This March, the Substation returns with the next part of their 2018/19 season of Cities change. People die. Everything you know goes away. Taking on issues of childhood and food, the Substation presents The Vanishing, or Time Goes Away from 16th March to 7th April with a lineup of multi-disciplinary programmes aimed squarely at your nostalgia nerve, examining our nation’s obsession with romanticising the past.
Continuing to interrogate Singapore’s practices of heritage making, expect plenty of weird, unusual art experiences scheduled throughout the programme, as the Substation first and foremost, transforms into a…playground?! Designed by Joshua Comaroff and Lekker Architects, with collaborator Leow Si Min, the alternative playground, titled Everything You Know Goes Away, combines celebrated local symbols with sobering facts and trivia, in an attempt to demystify nostalgia.
Tongue-in-cheek and filled with nostalgia, come play with sections with cheeky titles such as “Lapis de la Resistance” and “Kampong Glum”, featuring some of our country’s most iconic structures from the dragon playground to Big Splash —albeit with a twist. One will discover how the jolly kampong spirit and heyday belied a seedy underbelly of poor sanitation, the dragon is accompanied by native species driven to extinction due to urbanisation and the six-storey-high Big Splash water slides hides a notorious reputation.
Says Comaroff, who was inspired by his three children: “We often think of nostalgia as an older person’s domain. We look back on past times with a sense of loss. But I began to notice that my own children expressed nostalgic feelings at a very early age; even at 2 or 3. At 10, my daughter is already hopelessly nostalgic for times that she never experienced. As a parent of 8- and 10-year-olds, I am shocked by how “old” and world-weary our children are. They are never as young or as childish as we would like them to be. I find children to be much better learners than adults; they are less judgmental, less filtered. They are comfortable with abstractions, as well as with the messy reality of the world. For this reason, they are innately open to the sloppy complexities of history—we should teach them now, rather than later, that the world is a slippery and difficult place.”

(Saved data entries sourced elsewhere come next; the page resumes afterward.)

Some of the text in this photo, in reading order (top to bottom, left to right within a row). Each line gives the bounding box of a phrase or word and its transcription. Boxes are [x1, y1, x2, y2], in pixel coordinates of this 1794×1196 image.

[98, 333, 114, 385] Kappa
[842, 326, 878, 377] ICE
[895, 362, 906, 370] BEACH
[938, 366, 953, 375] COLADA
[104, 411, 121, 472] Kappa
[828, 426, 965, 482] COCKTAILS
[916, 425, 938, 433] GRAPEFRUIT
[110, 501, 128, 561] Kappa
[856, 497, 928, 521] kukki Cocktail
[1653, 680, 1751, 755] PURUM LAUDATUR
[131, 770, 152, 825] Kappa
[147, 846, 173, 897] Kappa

Responding to the playground, visual artist Mary Bernadette Lee (Mrydette) responds with an art installation that cherishes nostalgia as a coping mechanism, and a means to treasuring the past. Through her work, Mrydette instead creates a contemplative space, featuring artworks constructed with chou chou (security blankets) contributed by the public through an open call. Says Mrydette: “I want people to take time to allow themselves to go back into a space of refuge and good memories; To understand that living in memories from time to time is perfectly acceptable, to navigate the installation space, and make meaning in their own creative ways.”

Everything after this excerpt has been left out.